---------- MATERIAL PROVIDED

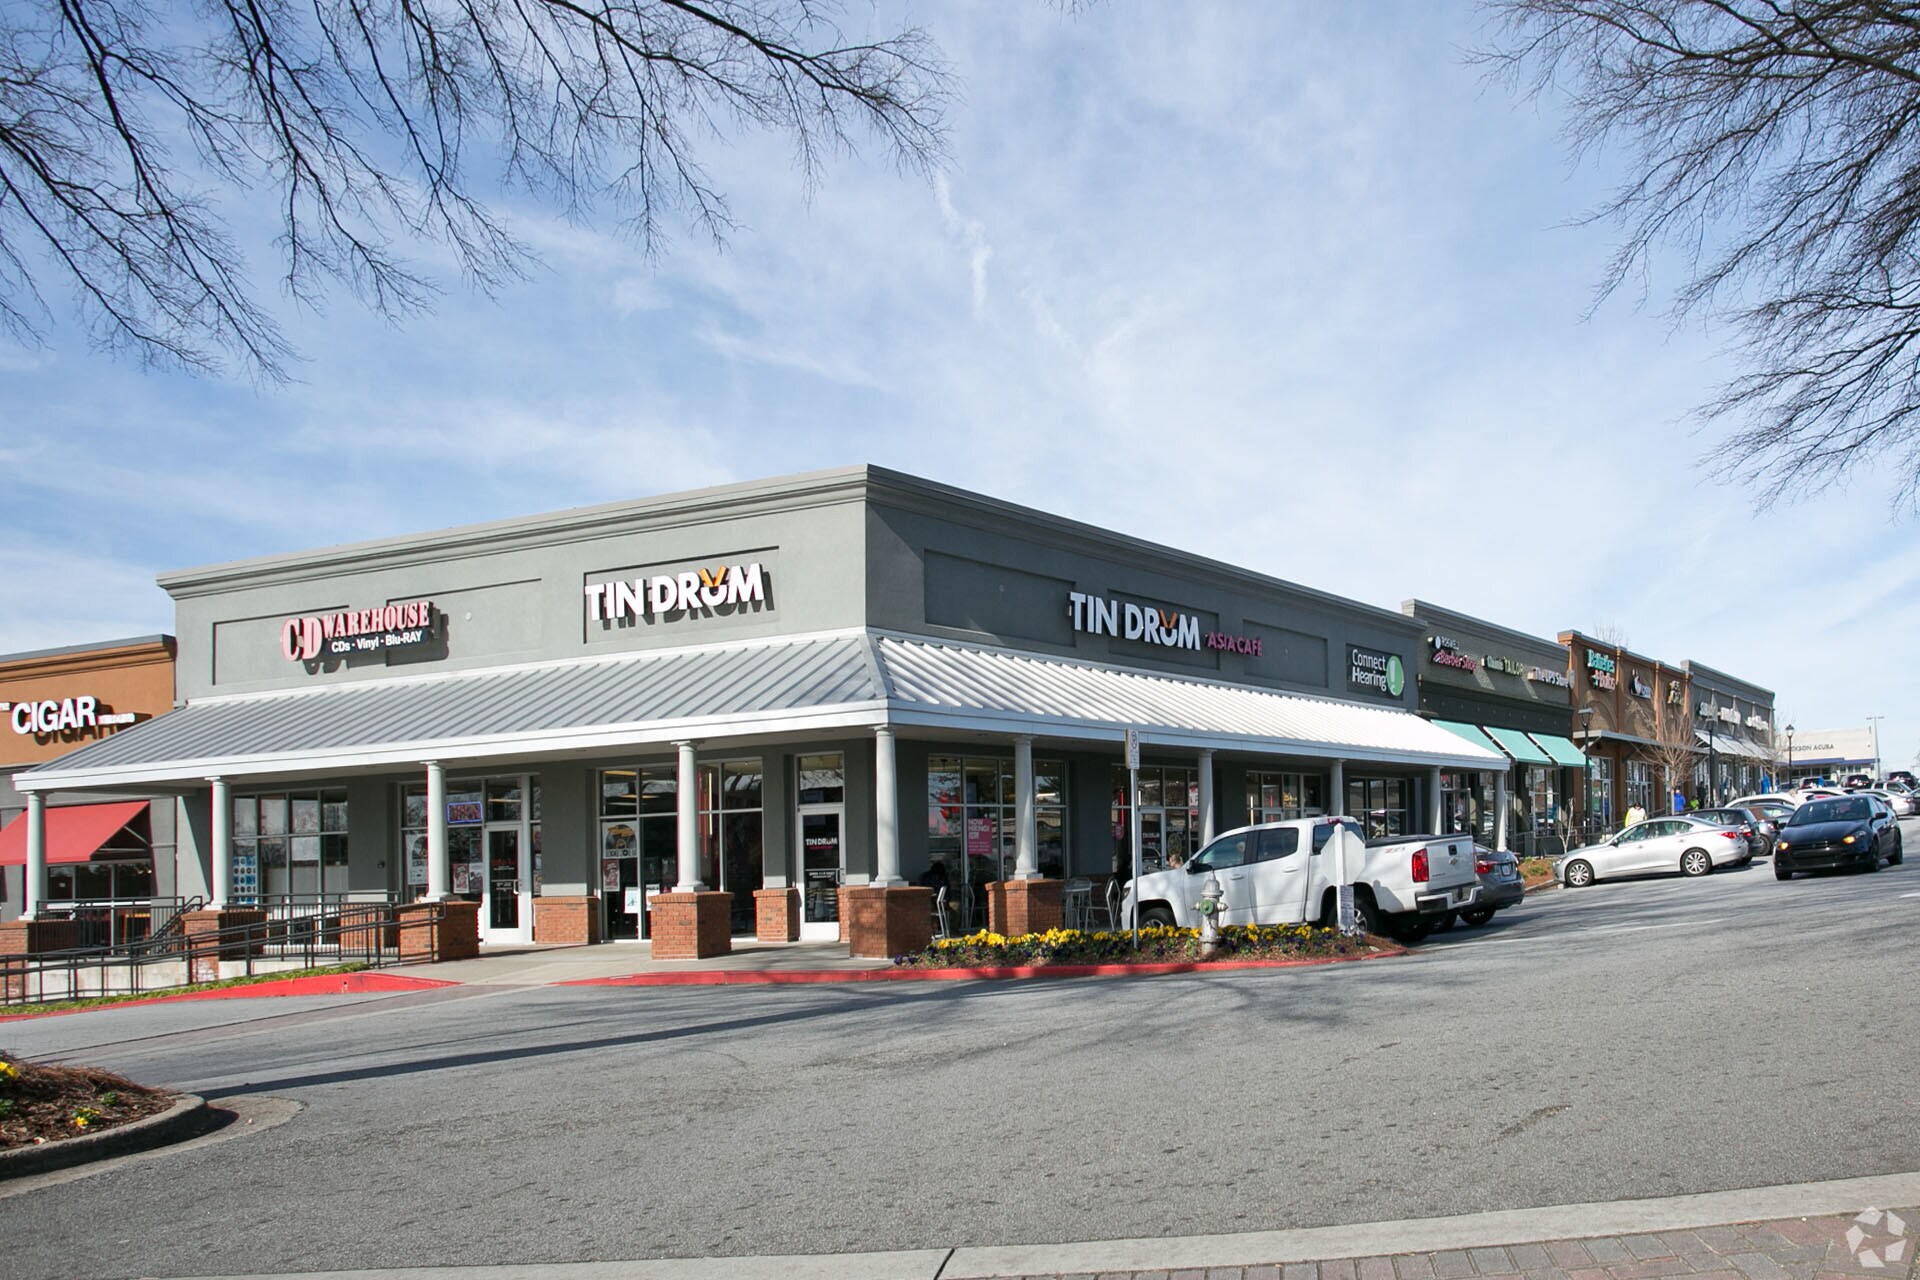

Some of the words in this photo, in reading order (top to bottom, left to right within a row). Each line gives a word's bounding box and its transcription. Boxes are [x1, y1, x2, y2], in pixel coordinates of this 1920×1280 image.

[585, 579, 644, 621] TIN
[652, 563, 765, 613] DRUM
[280, 616, 323, 662] CD
[322, 601, 430, 639] WAREHOUSE
[1070, 591, 1118, 637] TIN
[1125, 603, 1201, 650] DRUM
[331, 641, 351, 652] CDs
[356, 637, 380, 650] Vinyl
[385, 630, 423, 646] Blu-RAY
[1207, 631, 1237, 652] ASIA
[1352, 649, 1386, 671] Connect
[1351, 666, 1387, 691] Hearing
[12, 695, 97, 735] CIGAR
[805, 838, 817, 846] TIN
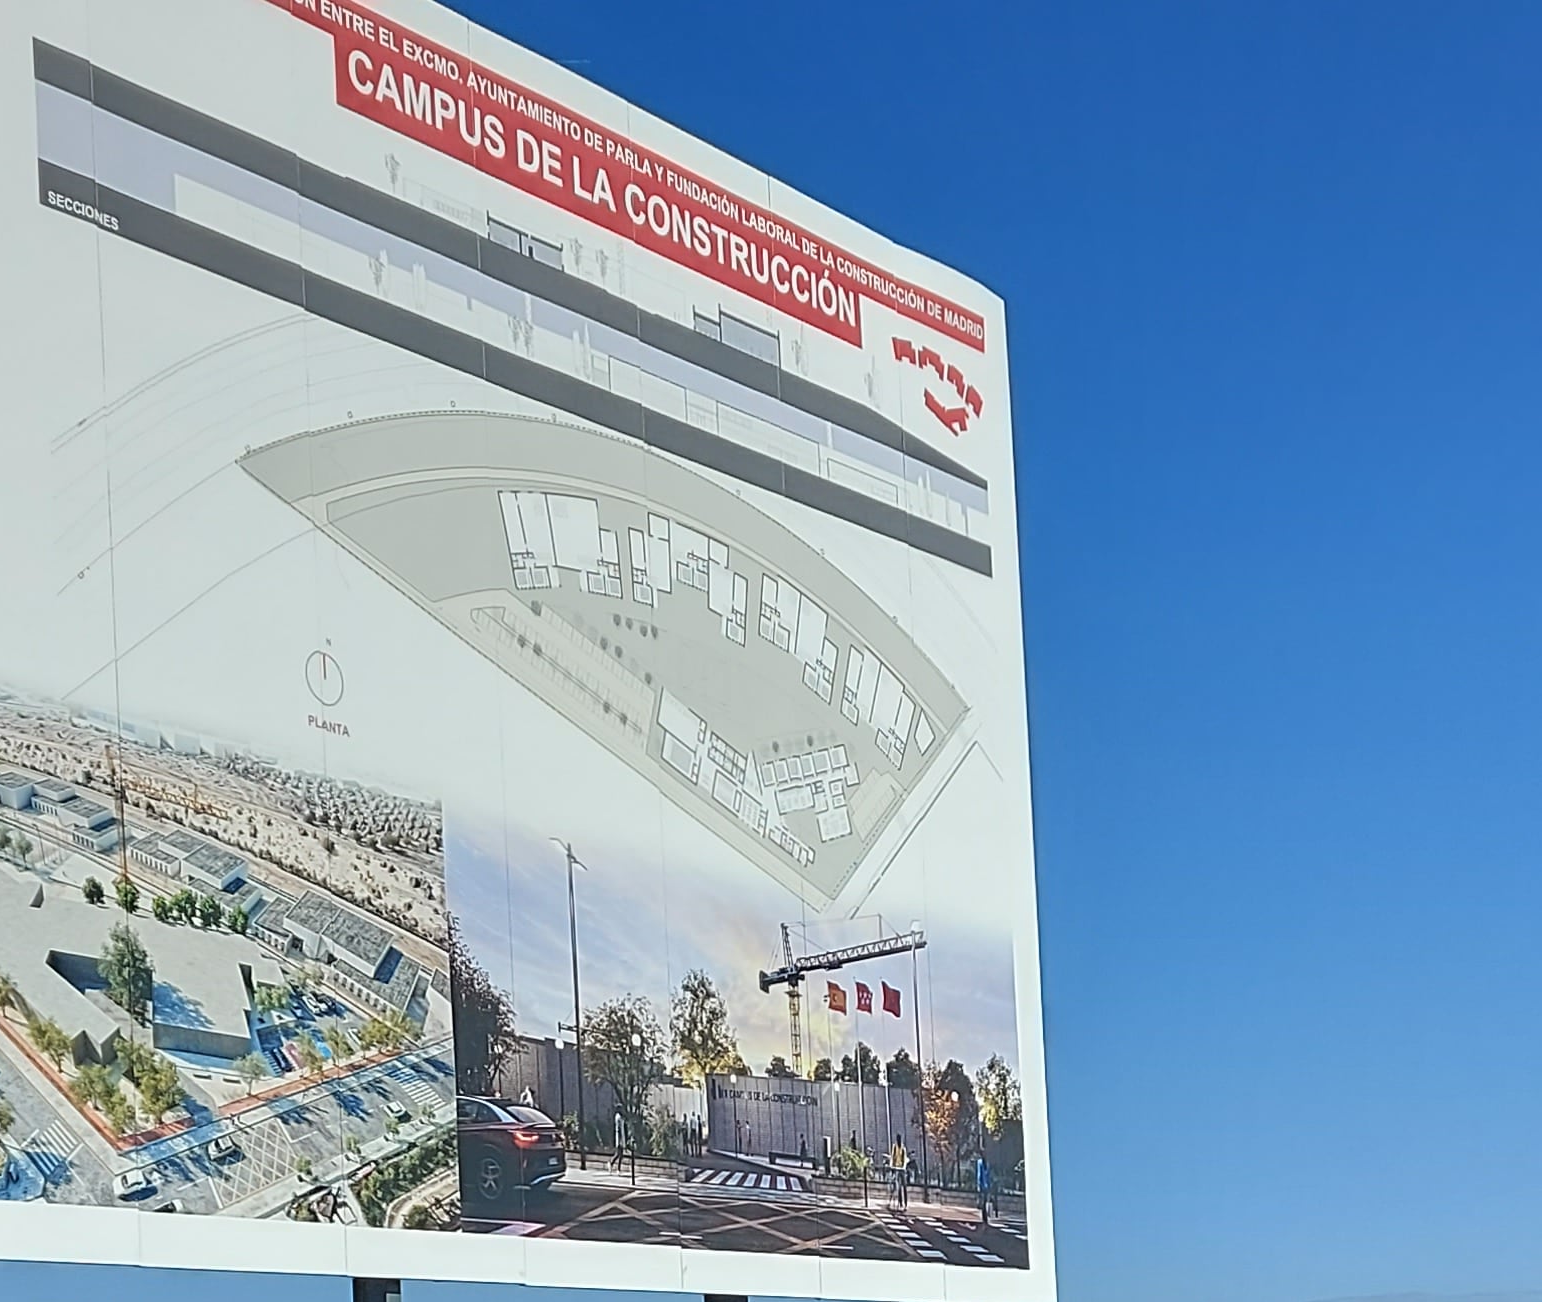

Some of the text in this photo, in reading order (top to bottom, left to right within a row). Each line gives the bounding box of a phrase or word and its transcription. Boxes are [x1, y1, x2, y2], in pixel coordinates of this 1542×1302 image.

[47, 190, 120, 231] SECCIONES
[320, 0, 375, 43] ENTRE
[378, 26, 400, 53] EL
[402, 38, 463, 85] EXCMO.
[467, 71, 581, 141] AYUNTAMIENTO
[584, 127, 603, 153] DE
[606, 139, 653, 178] PARLA
[654, 163, 664, 183] Y
[666, 167, 739, 223] FUNDACIÓN
[741, 207, 800, 251] LABORAL
[801, 236, 819, 260] DE
[819, 245, 835, 269] LA
[836, 256, 925, 313] CONSTRUCCIÓN
[927, 300, 943, 321] DE
[943, 307, 984, 340] MADRID
[347, 49, 857, 328] CAMPUS DE LA CONSTRUCCIÓN
[307, 714, 351, 738] PLANTA

--------------------

Please write out the whole listing exactly, but not the pictures in it.

(RESPONSE BOX):
Some of the words in this photo, in reading order (top to bottom, left to right within a row). Each line gives a word's bounding box and its transcription. Boxes are [x1, y1, x2, y2], in pixel coordinates of this 1920×1280 image.

[585, 579, 644, 621] TIN
[652, 563, 765, 613] DRUM
[280, 616, 323, 662] CD
[322, 601, 430, 639] WAREHOUSE
[1070, 591, 1118, 637] TIN
[1125, 603, 1201, 650] DRUM
[331, 641, 351, 652] CDs
[356, 637, 380, 650] Vinyl
[385, 630, 423, 646] Blu-RAY
[1207, 631, 1237, 652] ASIA
[1352, 649, 1386, 671] Connect
[1351, 666, 1387, 691] Hearing
[12, 695, 97, 735] CIGAR
[805, 838, 817, 846] TIN

Some of the text in this photo, in reading order (top to bottom, left to right within a row). Each line gives the bounding box of a phrase or word and its transcription. Boxes are [x1, y1, x2, y2], in pixel coordinates of this 1542×1302 image.

[47, 190, 120, 231] SECCIONES
[320, 0, 375, 43] ENTRE
[378, 26, 400, 53] EL
[402, 38, 463, 85] EXCMO.
[467, 71, 581, 141] AYUNTAMIENTO
[584, 127, 603, 153] DE
[606, 139, 653, 178] PARLA
[654, 163, 664, 183] Y
[666, 167, 739, 223] FUNDACIÓN
[741, 207, 800, 251] LABORAL
[801, 236, 819, 260] DE
[819, 245, 835, 269] LA
[836, 256, 925, 313] CONSTRUCCIÓN
[927, 300, 943, 321] DE
[943, 307, 984, 340] MADRID
[347, 49, 857, 328] CAMPUS DE LA CONSTRUCCIÓN
[307, 714, 351, 738] PLANTA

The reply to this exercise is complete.